Exercise description: A verbatim copy of all the data is required; the pictures should not appear in it.

- - - - - - -

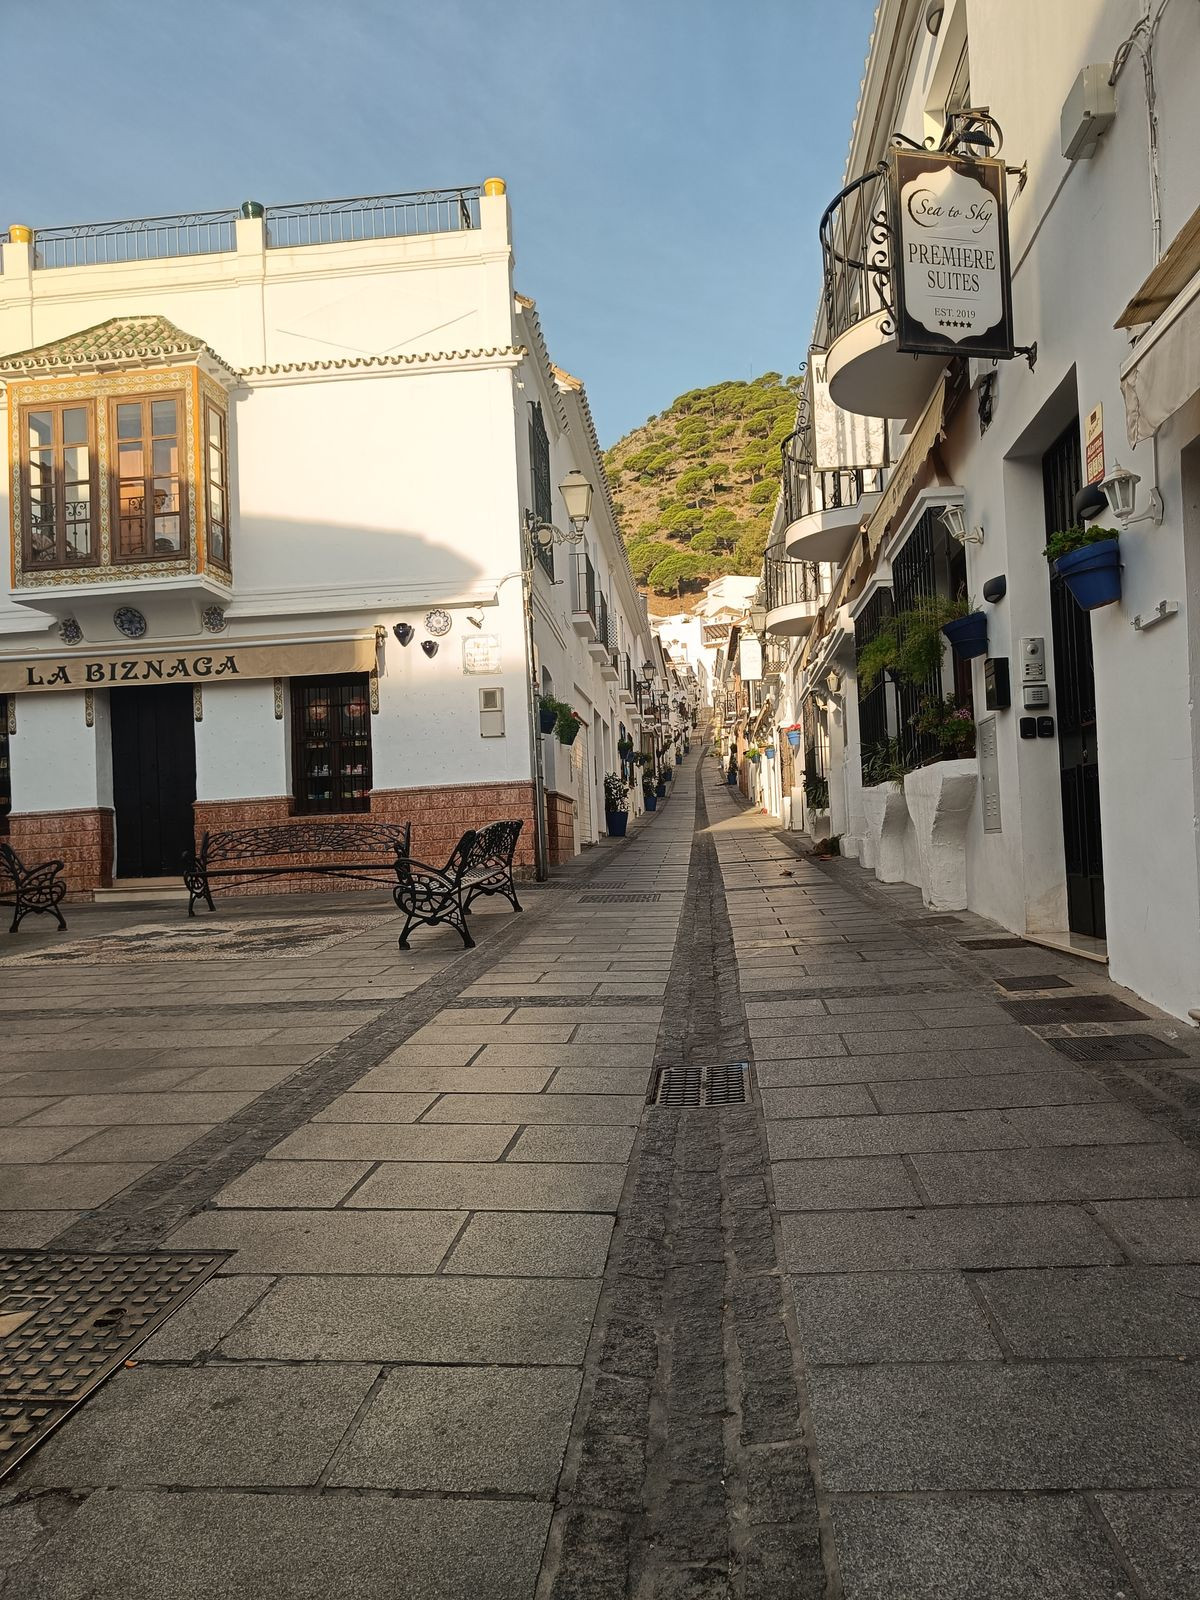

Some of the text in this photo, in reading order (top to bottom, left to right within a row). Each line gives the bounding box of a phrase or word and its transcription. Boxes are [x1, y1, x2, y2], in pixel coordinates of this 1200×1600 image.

[916, 199, 993, 234] Sea to Sky
[908, 243, 996, 271] PREMIERE
[927, 270, 980, 292] SUITES
[934, 307, 976, 319] EST. 2019
[26, 655, 239, 686] LA BIZNAGA
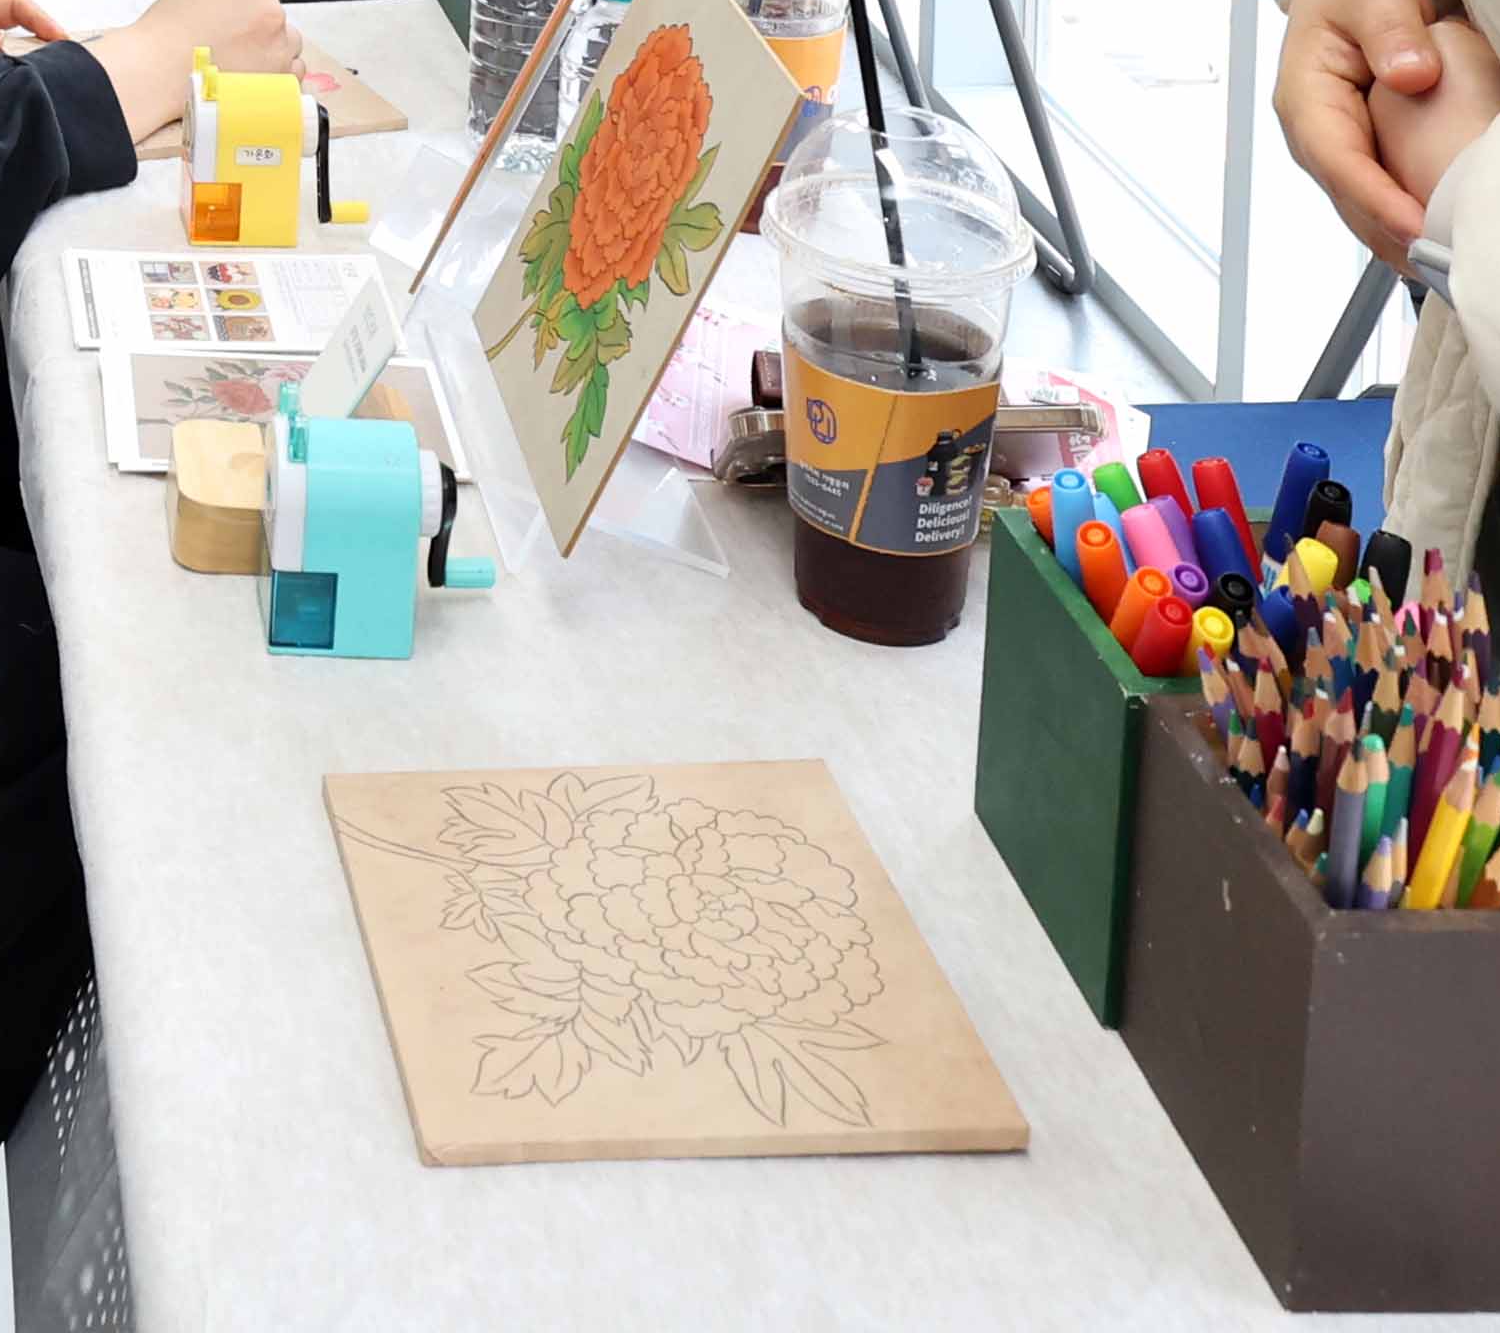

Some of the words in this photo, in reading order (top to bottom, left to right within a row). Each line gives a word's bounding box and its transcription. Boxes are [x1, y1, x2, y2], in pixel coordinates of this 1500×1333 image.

[919, 494, 973, 516] Diligence!
[917, 508, 970, 529] Delicious!
[915, 524, 965, 543] Delivery!
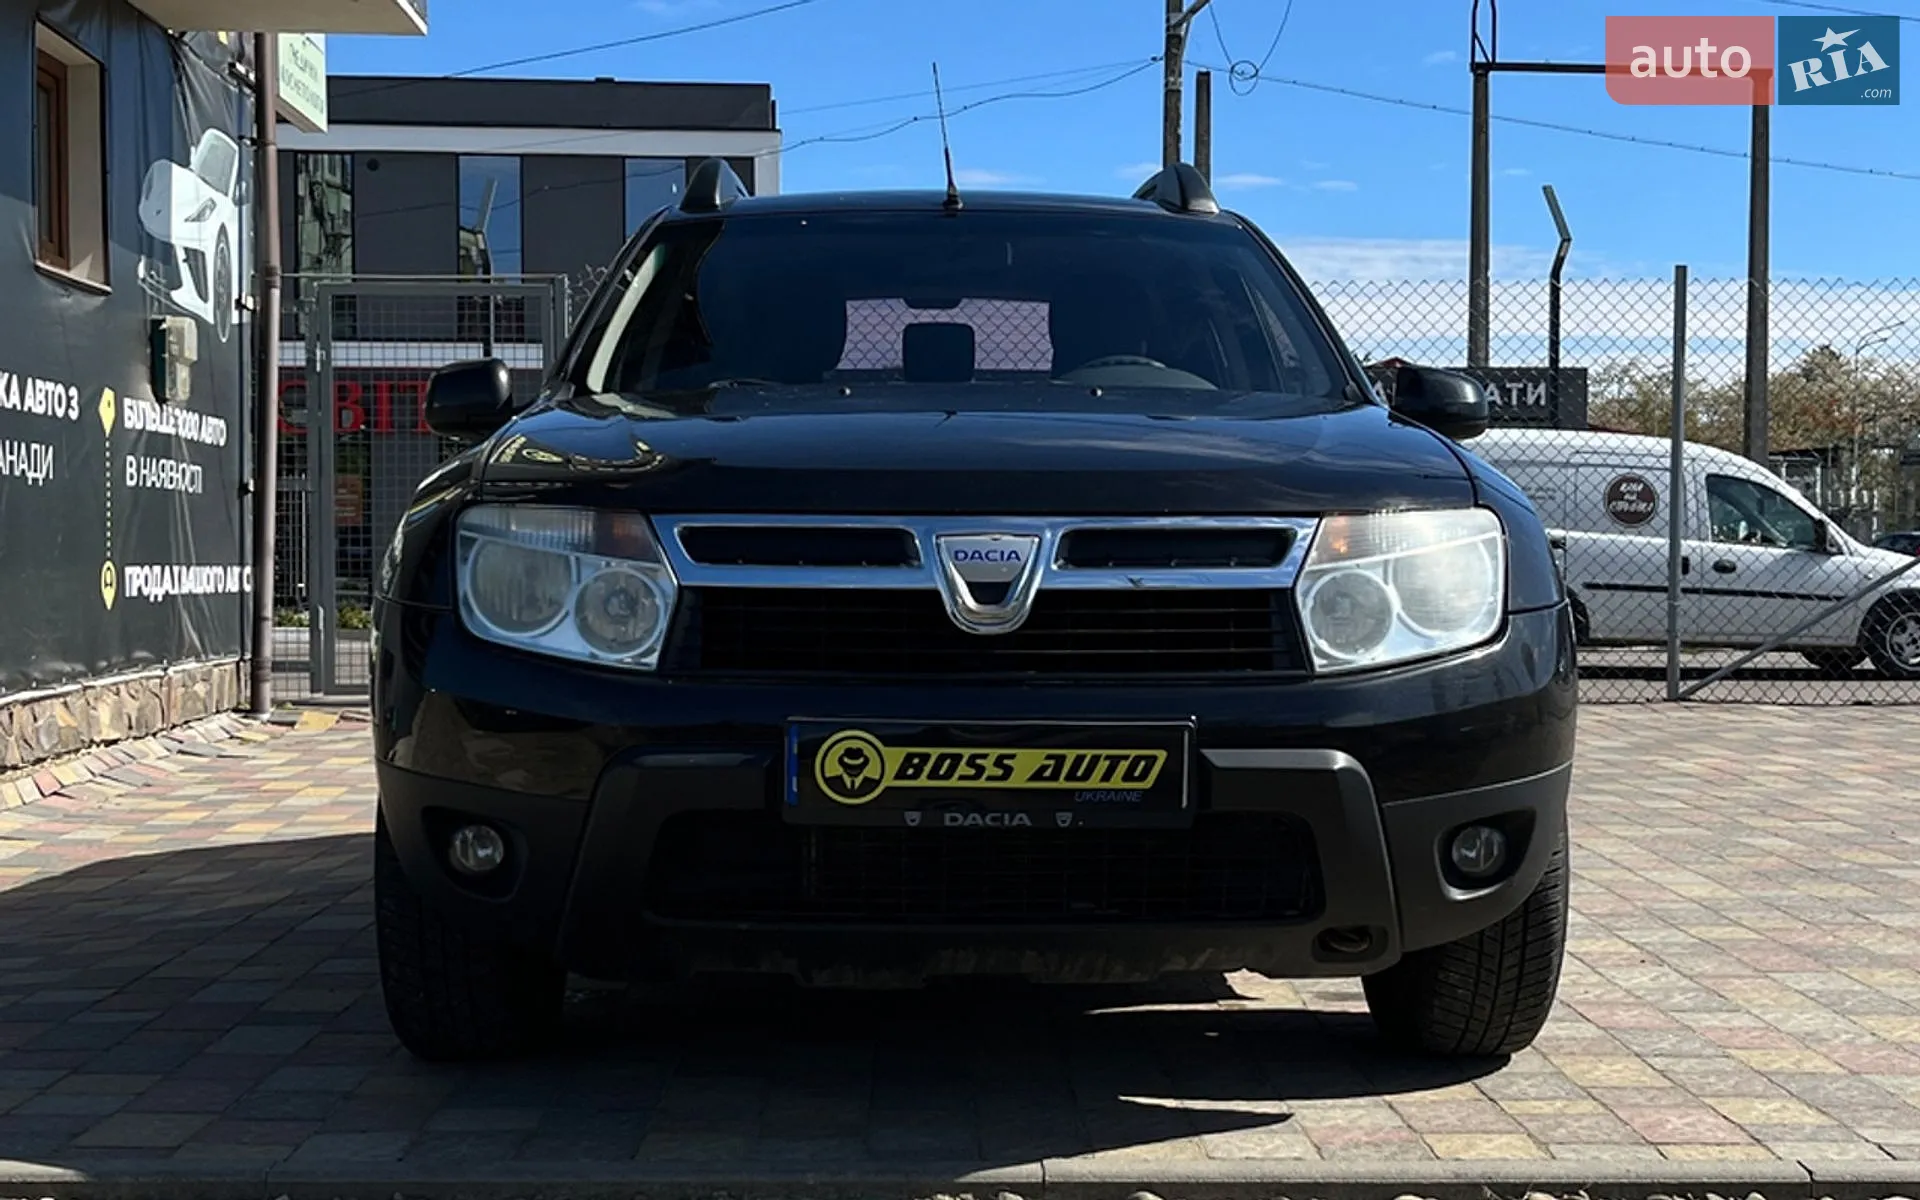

- - - - - - -

Task solution:
Some of the text in this photo, in reading order (top to bottom, left to right within a row). Each line gives the bounding box of a phrase or word and its transcription. Boxes are [x1, y1, x2, y2], in pixel coordinates of this 1200×1600 image.

[916, 199, 993, 234] Sea to Sky
[908, 243, 996, 271] PREMIERE
[927, 270, 980, 292] SUITES
[934, 307, 976, 319] EST. 2019
[26, 655, 239, 686] LA BIZNAGA

Some of the words in this photo, in reading order (top to bottom, left to right within a row). Each line gives a word's bounding box and its transcription. Boxes are [x1, y1, x2, y2], in pixel coordinates of this 1500×1333 image.

[919, 494, 973, 516] Diligence!
[917, 508, 970, 529] Delicious!
[915, 524, 965, 543] Delivery!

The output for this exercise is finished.